6. D'une part, Mme B... a été admise en première année de soins infirmiers, à l'Institut de formation Henri Mondor au sein de l'Assistance publique - Hôpitaux de Paris. Toutefois, il est constant que l'intéressée est titulaire d'un diplôme supérieur d'études professionnelles en soins infirmiers, obtenu au Cameroun, et il ressort des pièces du dossier qu'elle exerce dans son pays le métier d'infirmière depuis 2014 au sein de l'hôpital Saint-Jeanne, à Ndogpassi II. Mme B... ne démontre pas que la formation projetée, qui consiste à poursuivre un premier cycle en soins infirmiers, lui permettrait de progresser dans sa discipline, en dépit de ce qu'elle souhaiterait, à terme, poursuivre un master en recherche et innovation de la santé après l'obtention de son diplôme d'Etat d'infirmière en France. En tout état de cause, Mme B... ne conteste pas les allégations du ministre selon lesquelles une formation supérieure équivalente existe au Cameroun. D'autre part, Mme B..., âgée de 34 ans à la date de la décision contestée, a indiqué auprès des services consulaires que sa famille était présente en France, et ne se prévaut d'aucune attache familiale ou matérielle dans son pays d'origine. Dans ces conditions, en refusant de délivrer le visa sollicité au motif tiré du défaut de caractère sérieux et cohérent des études envisagées, de nature à révéler l'existence d'un risque de détournement de l'objet du visa à des fins migratoires, la commission de recours contre les décisions de refus de visa d'entrée en France n'a pas entaché sa décision d'une erreur manifeste d'appréciation. Il résulte en outre de l'instruction que la commission de recours aurait pris la même décision en se fondant sur ce seul motif.

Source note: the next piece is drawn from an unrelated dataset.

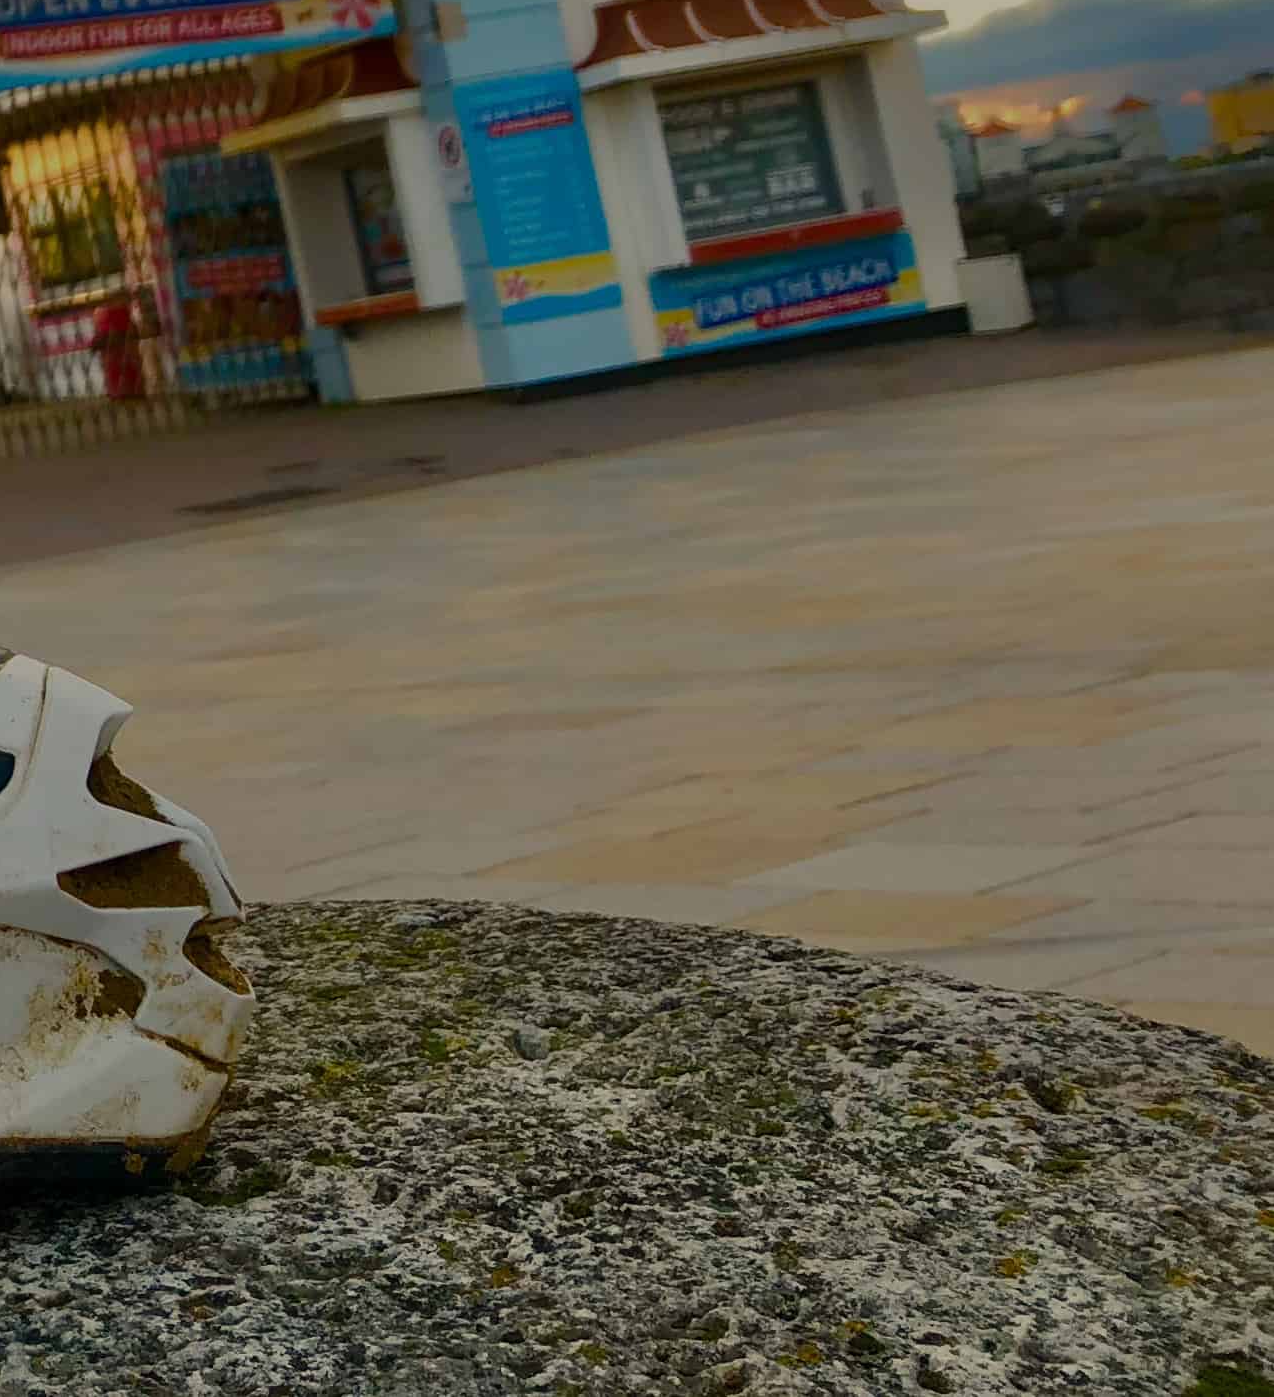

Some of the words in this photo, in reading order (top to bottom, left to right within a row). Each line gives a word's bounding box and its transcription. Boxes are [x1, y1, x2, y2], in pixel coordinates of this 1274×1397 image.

7. Il résulte de ce qui précède que c'est à tort que le tribunal administratif de Nantes s'est fondé sur l'absence de risque de détournement de l'objet du visa pour annuler la décision contestée.

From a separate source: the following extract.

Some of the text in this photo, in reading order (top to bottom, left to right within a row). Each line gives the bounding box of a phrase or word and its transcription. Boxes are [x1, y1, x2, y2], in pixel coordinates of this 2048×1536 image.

8. Il appartient toutefois à la cour, saisie de l'ensemble du litige par l'effet dévolutif de l'appel, d'examiner les autres moyens soulevés par Mme B... tant devant le tribunal administratif de Nantes que devant la cour.
9. En premier lieu, aux termes de l'article D. 211-5 du code de l'entrée et du séjour des étrangers et du droit d'asile : " Une commission placée auprès du ministre des affaires étrangères et du ministre chargé de l'immigration est chargée d'examiner les recours contre les décisions de refus de visa d'entrée en France prises par les autorités diplomatiques ou consulaires. La saisine de cette commission est un préalable obligatoire à l'exercice d'un recours contentieux, à peine d'irrecevabilité de ce dernier ". Aux termes de l'article D. 211-7 du même code : " Le président de la commission est choisi parmi les personnes ayant exercé des fonctions de chef de poste diplomatique ou consulaire. / La commission comprend, en outre : / 1° Un membre, en activité ou honoraire, de la juridiction administrative ; / 2° Un représentant du ministre des affaires étrangères ; / 3° Un représentant du ministre chargé de l'immigration ; / 4° Un représentant du ministre de l'intérieur. / Le président et les membres de la commission sont nommés par décret du Premier ministre pour une durée de trois ans. Pour chacun d'eux, un premier et un second suppléant sont nommés dans les mêmes conditions. ". L'article 1er de l'arrêté du 4 décembre 2009 relatif aux modalités de fonctionnement de la commission de recours contre les décisions de refus de visa d'entrée en France prévoit que cette commission " délibère valablement lorsque le président ou son suppléant et deux de ses membres au moins, ou leurs suppléants respectifs sont réunis. ".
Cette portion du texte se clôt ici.